Dormire bene fa bene al cuore

Sono innumerevoli gli studi scientifici che indicano nel sonno uno degli elementi fondamentali per salvaguardare la nostra salute e il nostro equilibrio psicofisico. Dormire poco rende esausti, irritabili, depressi e meno lucidi, tutto ciò dimostra chiaramente il collegamento tra sonno e benessere soggettivo.

Meno immediato può sembrare il collegamento tra la salute del nostro cuore ed il sonno, in realtà è proprio così: dormire bene fa bene al cuore.

Spesso l’attenzione si concentra soprattutto su aspetti ben più noti per salvaguardare la salute cardiovascolare. Si parla spesso, ad esempio, di dieta e di attività fisica: lo sport è fondamentale per aumentare i valori di colesterolo buono e diminuire quello cattivo che causa vari problemi cardiovascolari.
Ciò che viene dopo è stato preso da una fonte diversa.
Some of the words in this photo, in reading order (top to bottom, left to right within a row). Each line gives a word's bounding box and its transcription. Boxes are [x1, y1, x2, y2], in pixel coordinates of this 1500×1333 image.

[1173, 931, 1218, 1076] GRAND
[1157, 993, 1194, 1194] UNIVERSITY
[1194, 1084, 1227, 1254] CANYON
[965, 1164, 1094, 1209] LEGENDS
Lo stesso vale per l’abuso di cibi grassi, fritti e ricchi di zucchero.

 

Però il sonno ha un suo ruolo in questo equilibrio. Come possiamo spiegarlo?
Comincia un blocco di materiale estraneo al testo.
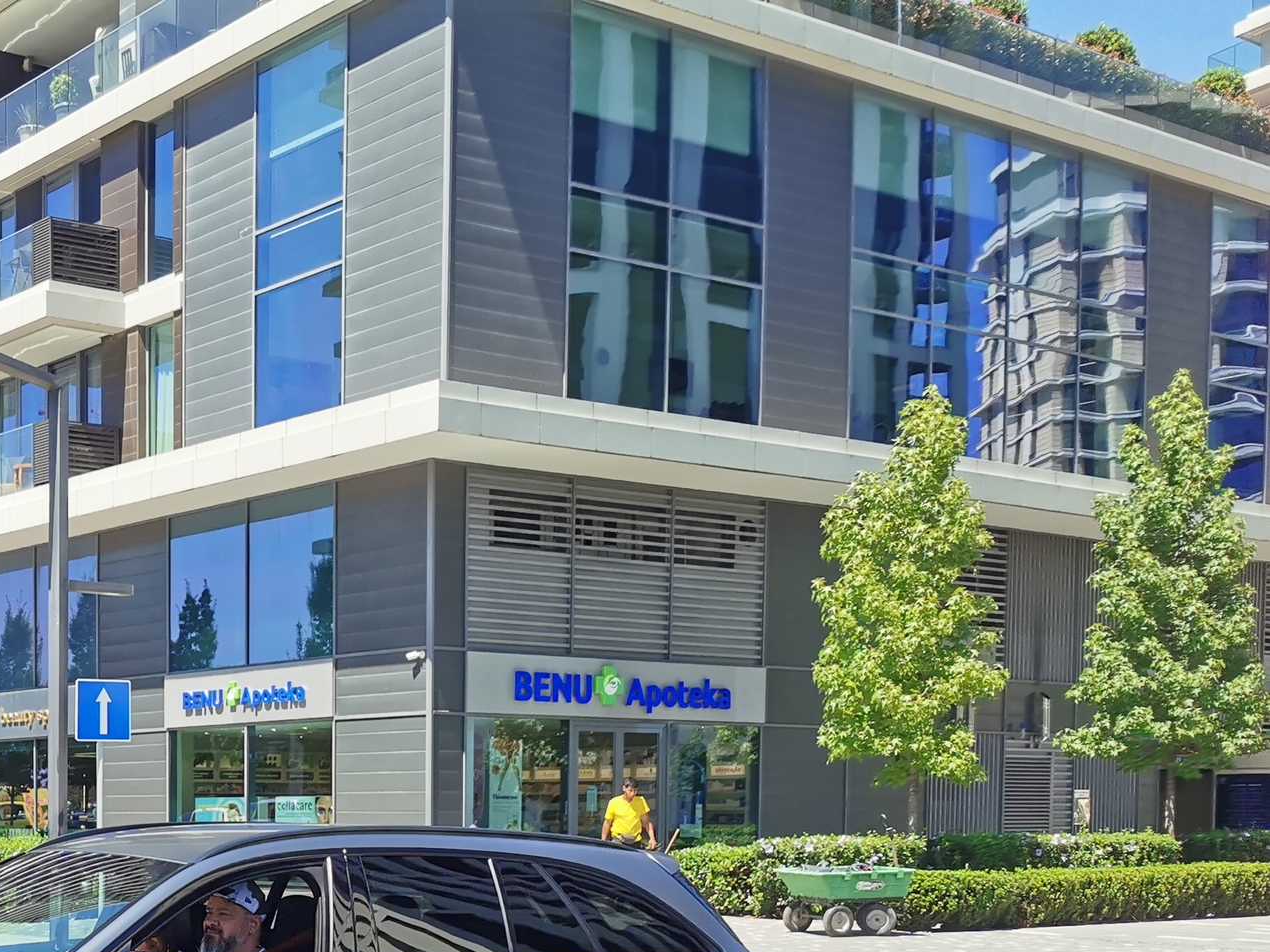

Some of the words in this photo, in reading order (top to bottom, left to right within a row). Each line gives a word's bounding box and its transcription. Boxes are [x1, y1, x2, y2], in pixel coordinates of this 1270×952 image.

Il ritmo circadiano è regolato nel nostro organismo mediante due orologi principali, uno centrale ed uno periferico: quello centrale si trova nel cervelletto, in una porzione detta ipotalamo, ed è influenzato dai cambiamenti di luce rilevati tramite le nostre retine. L’orologio periferico è invece disseminato in tutti  i sistemi ed apparati e può “segnare” un’ora differente rispetto all’orologio centrale ipotalamico sulla base di alcuni “zeitgebers”  (dal tedesco “che dà il tempo”), come l’apporto di cibo e la temperatura esterna.

Questi “zeitgebers” regolano il ritmo circadiano cellulare di cellule muscolari lisce (che regolano il tono vascolare), cardiomiociti (le cellule che compongono il cuore) ecc., modificando le secrezioni ormonali, la pressione arteriosa, la frequenza cardiaca. Segnali inappropriati in entrambi gli orologi, correlati ad abitudini errate e ad alterazioni del sonno, possono determinare uno squilibrio, un “cambio d’ora”, direttamente in ogni settore del nostro organismo.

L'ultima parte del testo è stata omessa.